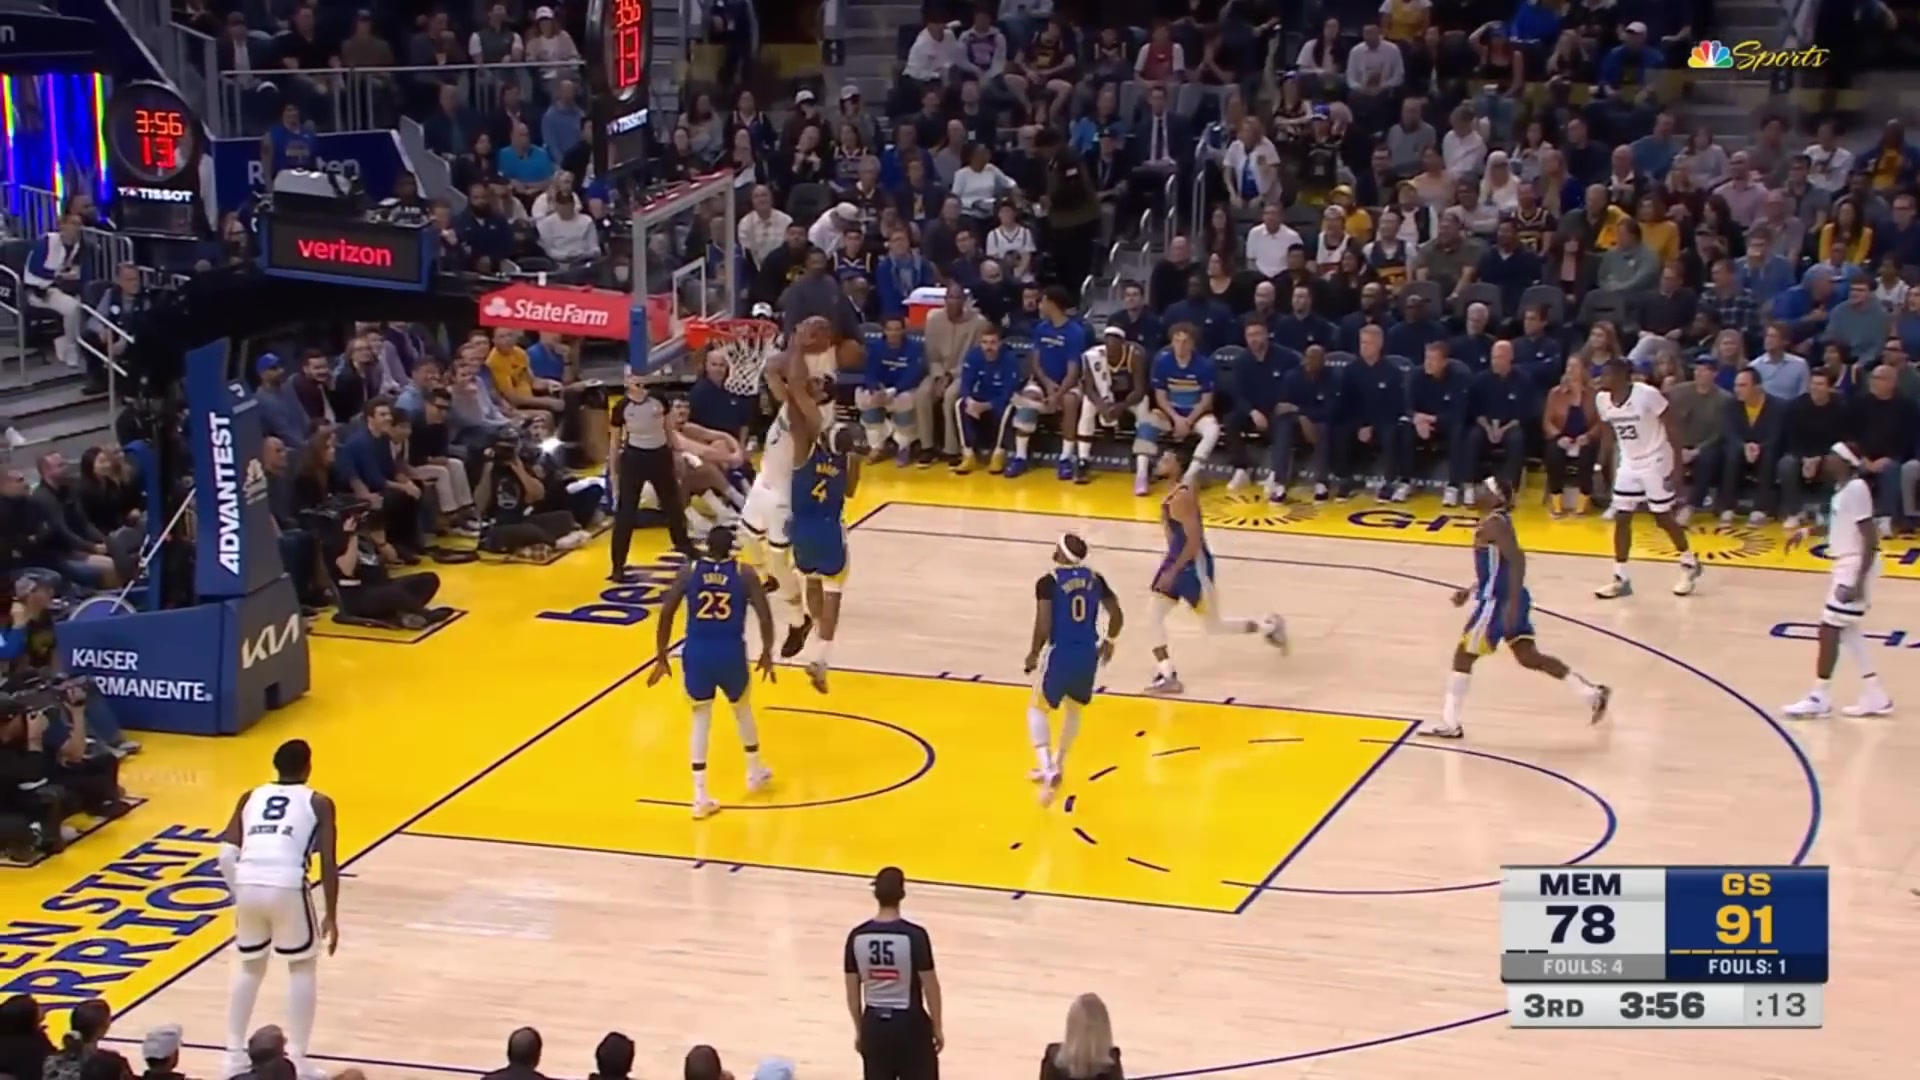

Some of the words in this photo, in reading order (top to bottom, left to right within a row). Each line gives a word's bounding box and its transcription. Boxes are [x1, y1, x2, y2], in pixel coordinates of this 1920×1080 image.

[135, 110, 184, 136] 3:56
[143, 136, 177, 168] 13
[298, 238, 392, 267] verizon
[1616, 425, 1638, 440] 23
[208, 411, 240, 577] ADVANTEST
[811, 479, 828, 503] 4
[695, 590, 732, 622] 23
[1071, 595, 1086, 622] 0
[71, 648, 139, 671] KAISER
[94, 675, 206, 702] RMANENTE
[262, 795, 291, 821] 8
[868, 940, 896, 967] 35

• PROBLEM: Transcribe the preceding listing in its entirety and with exact wording, leaving out pictures.

• EXERCISE OUTPUT:
Some of the words in this photo, in reading order (top to bottom, left to right within a row). Each line gives a word's bounding box and its transcription. Boxes are [x1, y1, x2, y2], in pixel coordinates of this 1920×1080 image.

[135, 110, 184, 136] 3:56
[143, 136, 177, 168] 13
[298, 238, 392, 267] verizon
[1616, 425, 1638, 440] 23
[208, 411, 240, 577] ADVANTEST
[811, 479, 828, 503] 4
[695, 590, 732, 622] 23
[1071, 595, 1086, 622] 0
[71, 648, 139, 671] KAISER
[94, 675, 206, 702] RMANENTE
[262, 795, 291, 821] 8
[868, 940, 896, 967] 35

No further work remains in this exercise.